Maximum Sum Obtained of Any Permutation - Problem

We have an array of integers, nums, and an array of requests where requests[i] = [start_i, end_i]. The i^th request asks for the sum of nums[start_i] + nums[start_i + 1] + ... + nums[end_i - 1] + nums[end_i]. Both start_i and end_i are 0-indexed.

Return the maximum total sum of all requests among all permutations of nums.

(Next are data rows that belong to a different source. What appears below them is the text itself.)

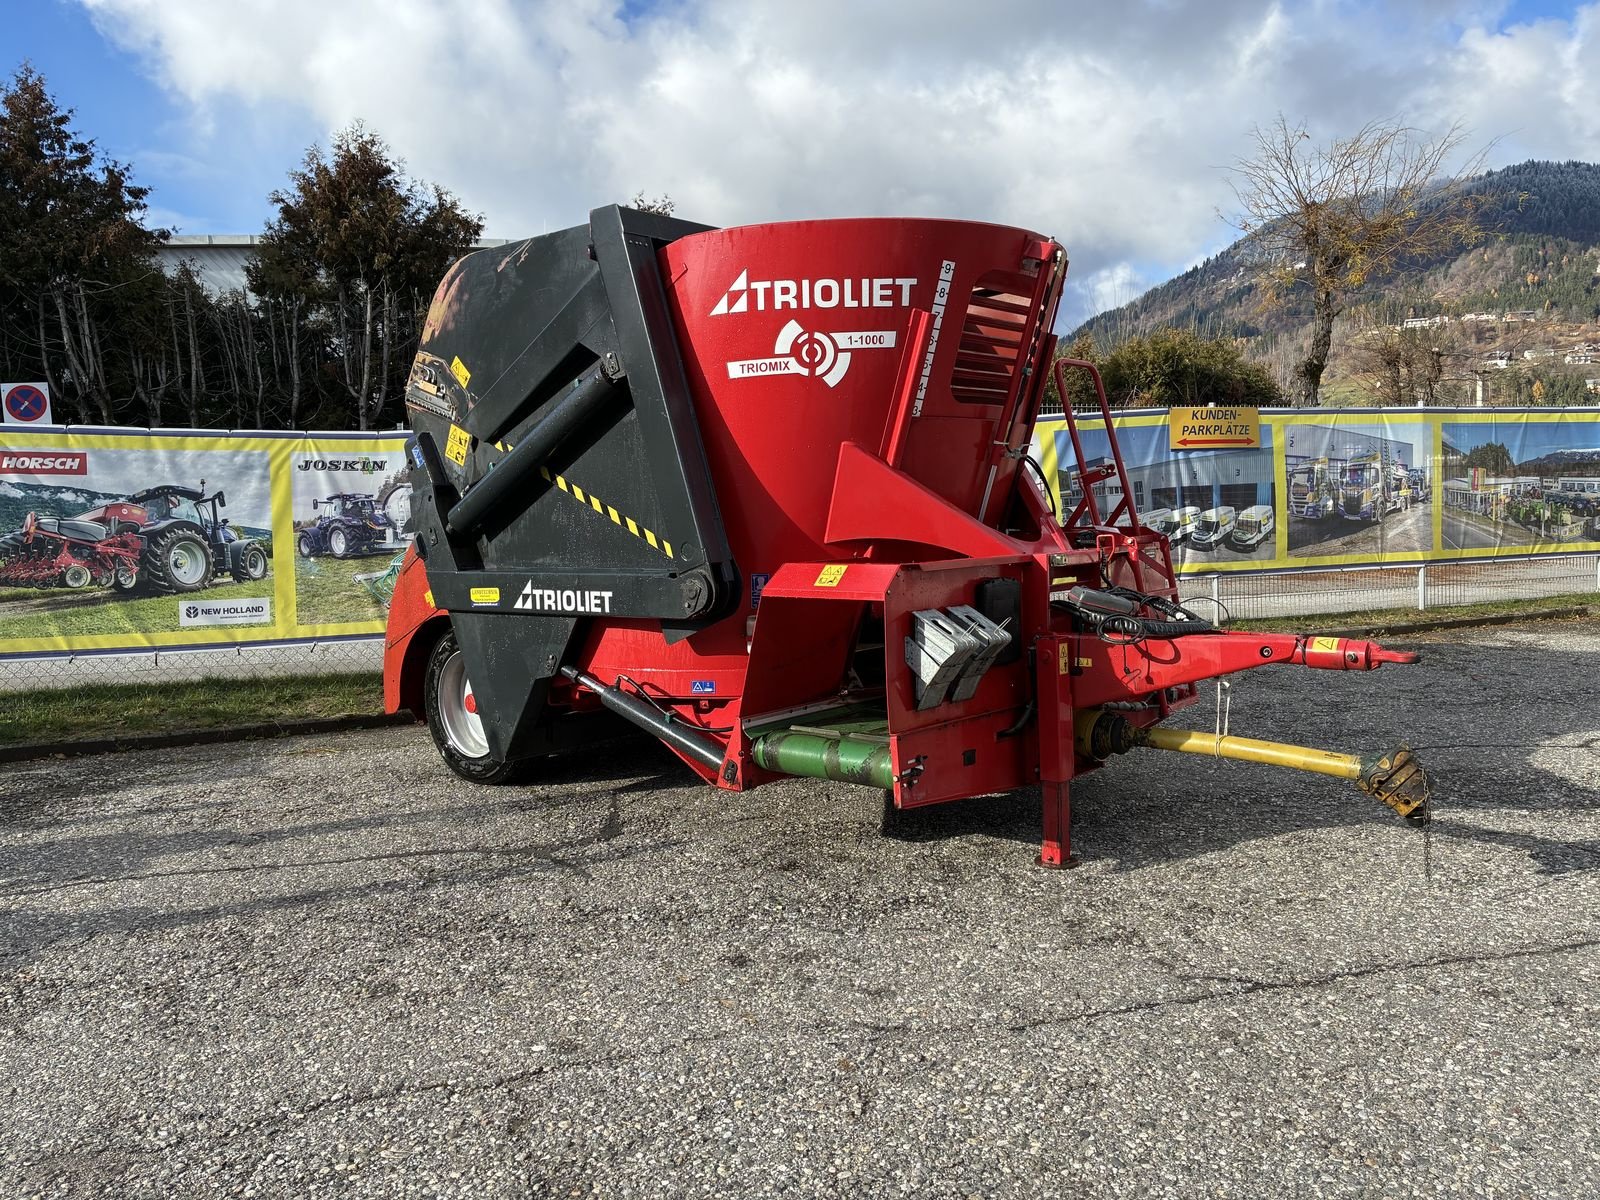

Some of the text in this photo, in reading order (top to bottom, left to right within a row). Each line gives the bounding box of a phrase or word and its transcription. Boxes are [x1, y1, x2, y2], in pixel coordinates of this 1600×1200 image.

[944, 263, 952, 274] 9
[750, 278, 918, 311] TRIOLIET
[938, 287, 946, 298] 8
[847, 334, 885, 345] 1-1000
[739, 360, 791, 374] TRIOMIX
[1191, 409, 1242, 420] KUNDEN-
[1181, 421, 1250, 436] PARKPLÄTZE
[2, 456, 80, 470] HORSCH
[297, 459, 387, 472] JOSKIN
[532, 588, 613, 613] TRIOLIET
[223, 605, 264, 615] HOLLAND

Since the answer may be too large, return it modulo 10⁹ + 7.

Input & Output

Example 1 — Basic Case

$ Input: nums = [1,2,3,2], requests = [[0,1],[1,3]]

› Output: 11

💡 Note: Optimal permutation is [3,2,2,1]. Request [0,1] sums to 3+2=5, request [1,3] sums to 2+2+1=5. Total: 5+5=10. Wait, let me recalculate: [2,3,2,1] gives request [0,1]=2+3=5, request [1,3]=3+2+1=6, total=11.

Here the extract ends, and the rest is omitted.